Cláudio Caldas: Plantou sementes que geraram bons frutos
Cláudio Antônio Bittencourt Caldas acreditou em um ideal, em um princípio. Juntamente com os demais parceiros, ele plantou aquela semente que brotou, cresceu e proporcionou bons resultados. Caldas é um dos mais conhecidos criadores e entusiastas do Brangus no Brasil. Sua paixão foi suficiente para motivá-lo em busca do desenvolvimento da raça, a lutar por ela e pelo surgimento de uma entidade visando congregar os pecuaristas que desde o início, acreditavam no potencial daquele gado oriundo do cruzamento entre o zebuíno e o Aberdeen Angus, que inicialmente foi batizado de “Ibagé”, posteriormente “Brangus-Ibagé” e atualmente “Brangus”. Formado em Ciências Contábeis, Cláudio Caldas foi o primeiro presidente da Associação Brasileira de Brangus, durante duas gestões no período de 1979 e 1982. Nesta entrevista, publicada no jornal Brangus Repórter Nº 5, ele conta um pouco de sua história e relembra como foi fundada a entidade oficial da raça forte.

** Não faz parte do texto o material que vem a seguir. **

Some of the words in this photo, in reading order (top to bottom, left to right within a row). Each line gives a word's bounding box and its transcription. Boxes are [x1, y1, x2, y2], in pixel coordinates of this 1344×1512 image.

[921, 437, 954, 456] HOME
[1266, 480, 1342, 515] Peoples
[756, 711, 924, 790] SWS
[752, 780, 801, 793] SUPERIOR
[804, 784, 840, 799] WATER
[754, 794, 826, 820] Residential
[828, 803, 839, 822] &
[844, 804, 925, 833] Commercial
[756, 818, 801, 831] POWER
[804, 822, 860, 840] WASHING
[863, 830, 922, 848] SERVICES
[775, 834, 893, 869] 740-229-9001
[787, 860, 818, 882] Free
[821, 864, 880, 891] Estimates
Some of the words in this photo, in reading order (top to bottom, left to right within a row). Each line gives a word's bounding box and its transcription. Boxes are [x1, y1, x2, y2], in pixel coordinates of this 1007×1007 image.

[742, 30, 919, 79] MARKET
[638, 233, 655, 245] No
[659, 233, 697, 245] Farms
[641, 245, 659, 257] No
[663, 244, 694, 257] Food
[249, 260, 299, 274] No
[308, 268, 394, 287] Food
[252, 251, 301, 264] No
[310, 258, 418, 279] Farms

Brangus Repórter: Conte a história de sua família e de seu envolvimento com o agronegócio.
Cláudio Antônio Bittencourt Caldas: Meu pai trabalhou 40 anos no Correio do Povo, tradicional jornal gaúcho, além de fundar a escola técnica Potássio Alves em Porto Alegre. Ele era contador do jornal e primo do proprietário Breno Caldas, filho do fundador da empresa, Caldas Júnior. Minha mãe era dona de casa. Durante o dia, eu trabalhava na prefeitura de Porto Alegre entre 1960 e 1967, durante o mandato de Loureiro da Silva, considerado até hoje o melhor ou um dos melhores prefeitos da capital gaúcha. No período da noite, eu dava aula na escola técnica Potássio Alves. Em 1965, casei com uma pecuarista de Santana do Livramento/RS (fronteira com Uruguai), chamada Elisa de Souza Caldas. Vim para Livramento para cuidar das atividades junto com ela. Foi a partir daí que começou meu envolvimento com a agropecuária.

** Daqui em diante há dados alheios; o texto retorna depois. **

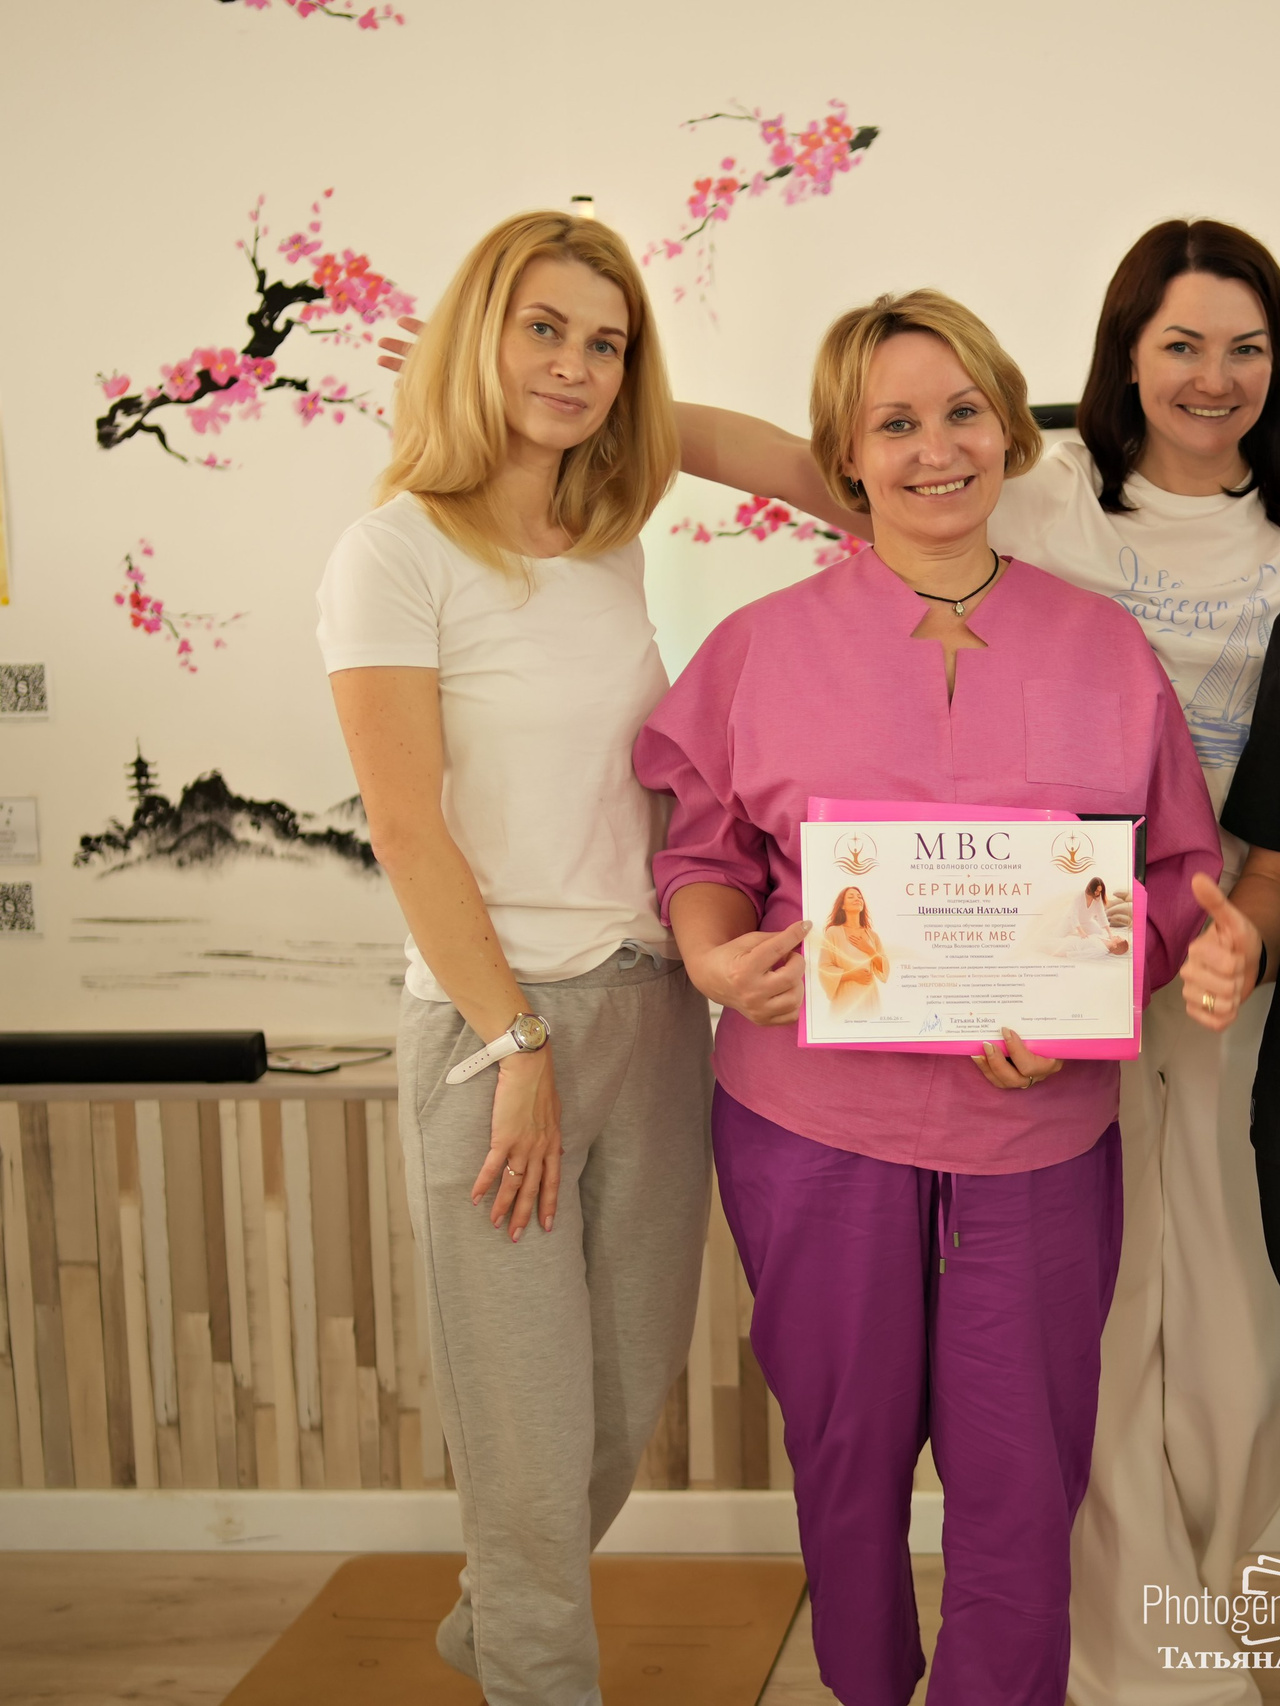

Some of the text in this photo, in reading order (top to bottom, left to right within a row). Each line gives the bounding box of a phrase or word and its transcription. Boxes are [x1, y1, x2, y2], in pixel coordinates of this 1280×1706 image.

[914, 832, 1010, 860] МВС
[905, 883, 1033, 896] СЕРТИФИКАТ
[924, 931, 1016, 941] ПРАКТИК МВС

Brangus Repórter: Como foi a transição de sua área de atuação, passando da contabilidade para o campo?
Caldas: Foi um desafio. Fui estudando e aprendendo, até por gostar muito de ler. Fui me envolvendo e gostando muito. Todo início de qualquer processo, é difícil, ainda mais o de se adaptar a um novo meio até então, desconhecido para mim. No entanto, com dedicação, estudo e envolvimento, aos poucos, fui me adaptando e gostando da atividade rural.
Brangus Repórter: E como o Brangus surgiu em sua vida?
Caldas: Na fazenda herdada por minha esposa, havia um gado Aberdeen Angus. Percebi que estes animais tinham como características, o porte pequeno e pêlo comprido. Precisávamos avantajar o porte dos animais. Não buscava animais grandes, mas sim de tamanho médio, além da busca pela redução do tamanho do pêlo para amenizar o grande problema que enfrentávamos que era o carrapato. Naquela época existiam poucas opções de medicamentos para combater o carrapato. O jeito era diminuir o comprimento da pelagem do gado. A partir destas necessidades, surgiu o interesse em se fazer o cruzamento daquele gado Angus com Zebu. Com base na Lei de Mendel, percebi o ótimo resultado desta prática. Naquela época, fazer este cruzamento não era algo bem visto em nossa região, tanto que era motivo inclusive de sermos vistos de maneira diferente por parte dos demais pecuaristas “puristas e tradicionais”. No entanto, notei que o cruzamento proporcionaria o melhoramento daquelas questões de porte e pêlo. Selecionando os produtos, fiz os acasalamentos que resultaram em exemplares ½, ¼ e 5/8 Angus. O plantel Angus era de boa qualidade, formado por animais com e sem registro, adquiridos de tradicionais criatórios locais. Um touro muito utilizado na formação do plantel Angus da Estância Santa Rita, foi o “Menelik 2”, um filho do primeiro macho Angus registrado no Brasil em setembro de 1906, importado do Uruguai por Leonardo Collares Sobrinho de Bagé/RS, chamado “Menelik”.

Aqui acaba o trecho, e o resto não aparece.